7.  (Wolff) – Plasticity allows a cell to dramatically change its phenotype over the course of its lifetime.  A wide array of biological processes depend on regulation of cellular plasticity; an inappropriate loss or gain of plasticity could have implications for embryonic development, tissue growth and repair, learning and memory, or aging, for example.  Recent studies have shed light on genetic mechanisms of cellular plasticity and reprogramming, and on the therapeutic potential for experimentally manipulating cell fate. 

Discuss the role of cellular plasticity, with emphasis on cellular and molecular mechanisms, in one (or more) of the following:  

a)     Normal development and function of a tissue or organ

b)    Regeneration or repair of a diseased or damaged tissue

c)     Production and therapeutic potential of induced pluripotent stem cells (iPSCs)

d)    Cancer

e)     Aging

Suggested reading:

Puri and Hebrok. Cellular plasticity within the pancreas–lessons learned from development. Dev Cell (2010) vol. 18 (3) pp. 342-56

Mercola et al. Cardiac muscle regeneration: lessons from development. Genes Dev (2011) vol. 25 (4) pp. 299-309

Stadtfeld and Hochedlinger. Induced pluripotency: history, mechanisms, and applications. Genes Dev (2010) vol. 24 (20) pp. 2239-63

Lathia et al. Deadly teamwork: neural cancer stem cells and the tumor microenvironment. Cell Stem Cell (2011) vol. 8 (5) pp. 482-5

8.   (Zweifel) – Within a eukaryotic cell, transcription occurs in the context of chromatin.  And since chromatin is generally inhibitory to transcription, one of the key control steps required to activate transcription is a process termed chromatin remodeling.  These remodeling complexes move or displace nucleosomes from DNA and facilitate the recruitment and assembly of transcription initiation complexes.  Even during transcription elongation, nucleosomes must be removed, reassembled rapidly, and modified appropriately following passage of the RNA polymerase.  Examine the mechanism and function of chromatin remodeling, and discuss how this function allows for the rapid activation of transcription. 

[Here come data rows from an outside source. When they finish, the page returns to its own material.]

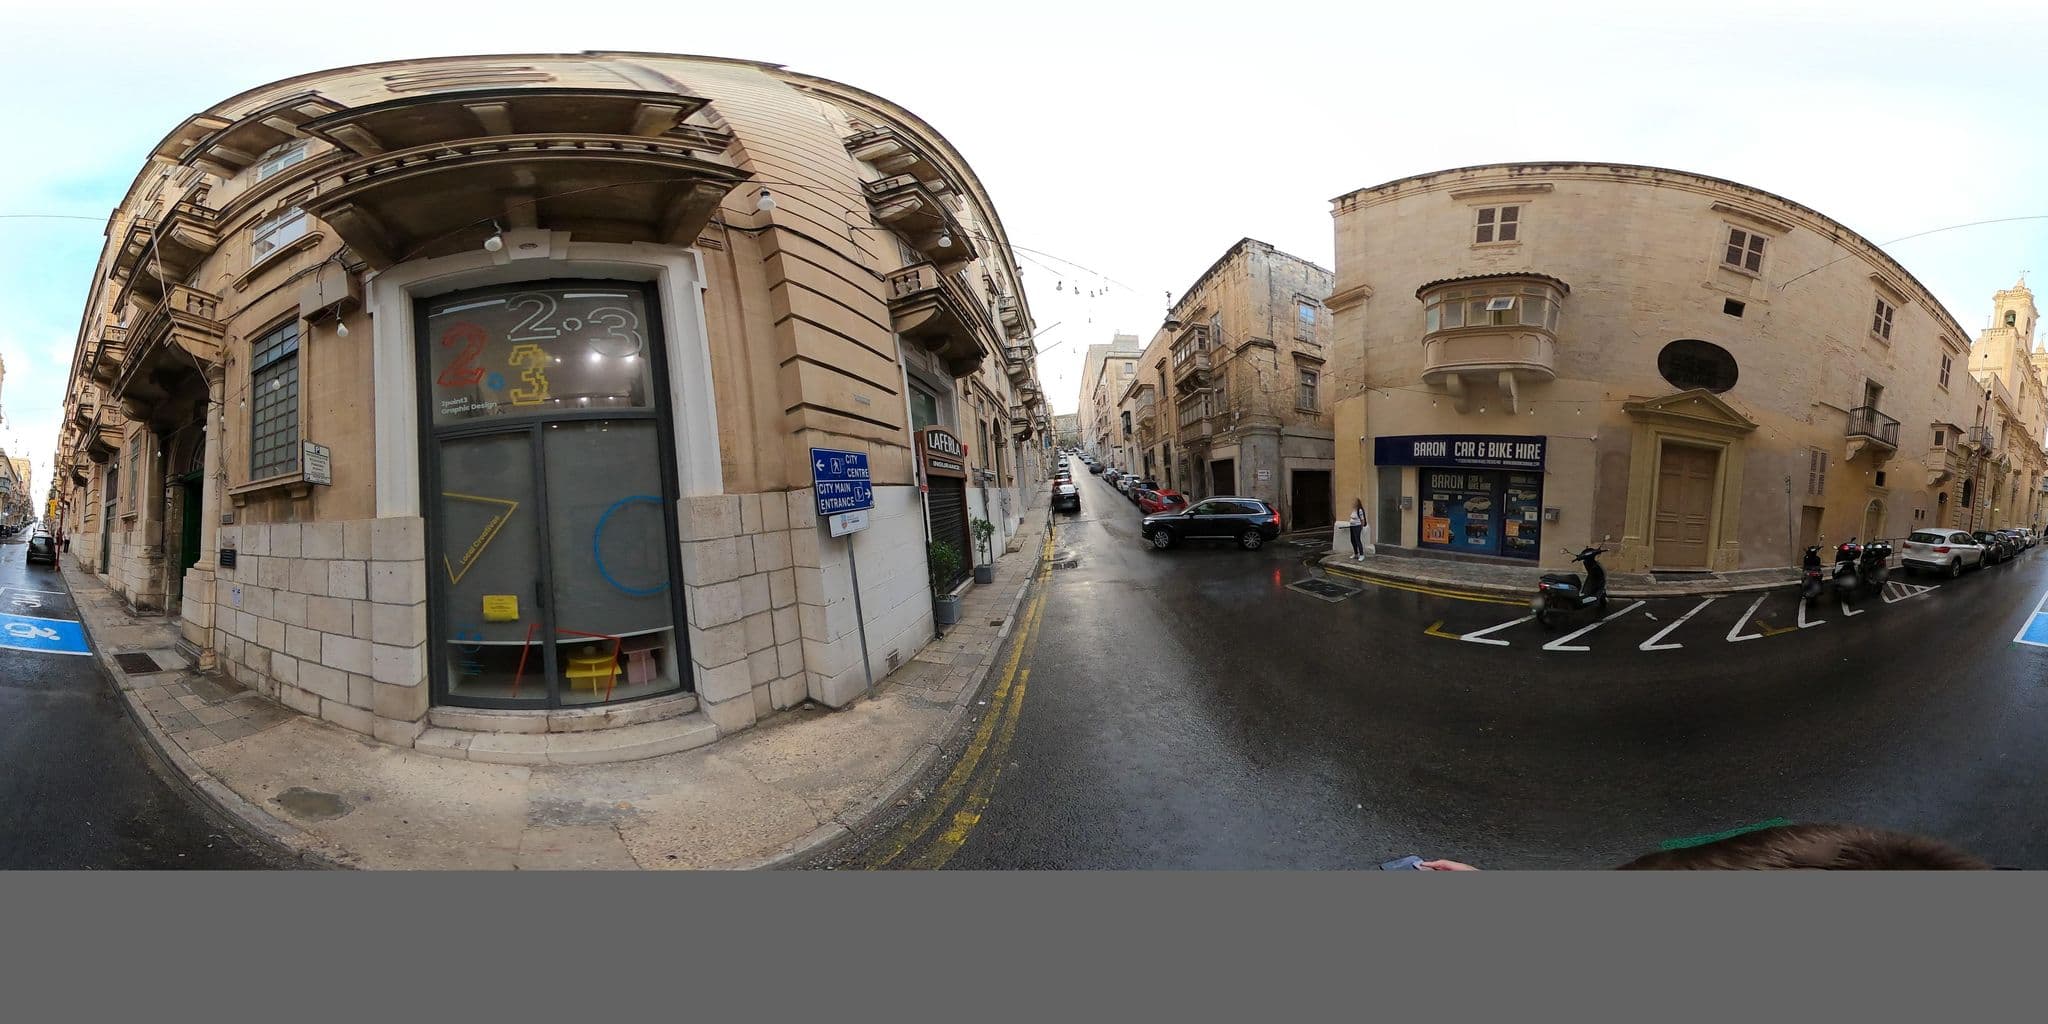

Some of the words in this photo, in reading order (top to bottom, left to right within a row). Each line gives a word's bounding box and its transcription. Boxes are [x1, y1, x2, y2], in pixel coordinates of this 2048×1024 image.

[441, 404, 470, 415] Graphic
[471, 401, 497, 410] Design
[928, 433, 961, 456] LAFERLA
[1413, 442, 1446, 457] BARON
[1454, 442, 1475, 457] CAR
[1478, 442, 1485, 457] &
[1488, 443, 1512, 458] BIKE
[1516, 443, 1541, 460] HIRE
[845, 454, 858, 464] CITY
[846, 467, 869, 478] CENTRE
[818, 483, 834, 495] CITY
[834, 482, 851, 493] MAIN
[1431, 475, 1464, 489] BARON
[820, 496, 855, 510] ENTRANCE
[460, 547, 474, 564] Local

Fuda, N. J., Ardehali, M.B. and J. T. Lis.  2009.  Defining mechanisms that regulate RNA polymerase II transcription in vivo.  Nature 461: 186-192.

Weake, V. M. and J. L. Workman.  2010.  Inducible gene expression: diverse regulatory mechanisms.  Nature Rev. Genet. 11: 426-437.

9.  (Zweifel) – The promise of gene-based therapy for treating human diseases has been around for over 20 years.  After intense enthusiasm  at the inception of this technology, researchers ran into serious  setbacks, including safety concerns.  However, recent advances in gene  delivery technology have sparked renewed interest in this field of  medical research.  Examine the current state of affairs of gene  therapy, and how the hurdles associated with gene-based therapy are  being tackled. Discuss the modes of gene delivery, and evaluate the  potential for success of these mechanisms.

Nature Reviews Genetics, May 2011. A series of articles focusing on  gene-based therapies.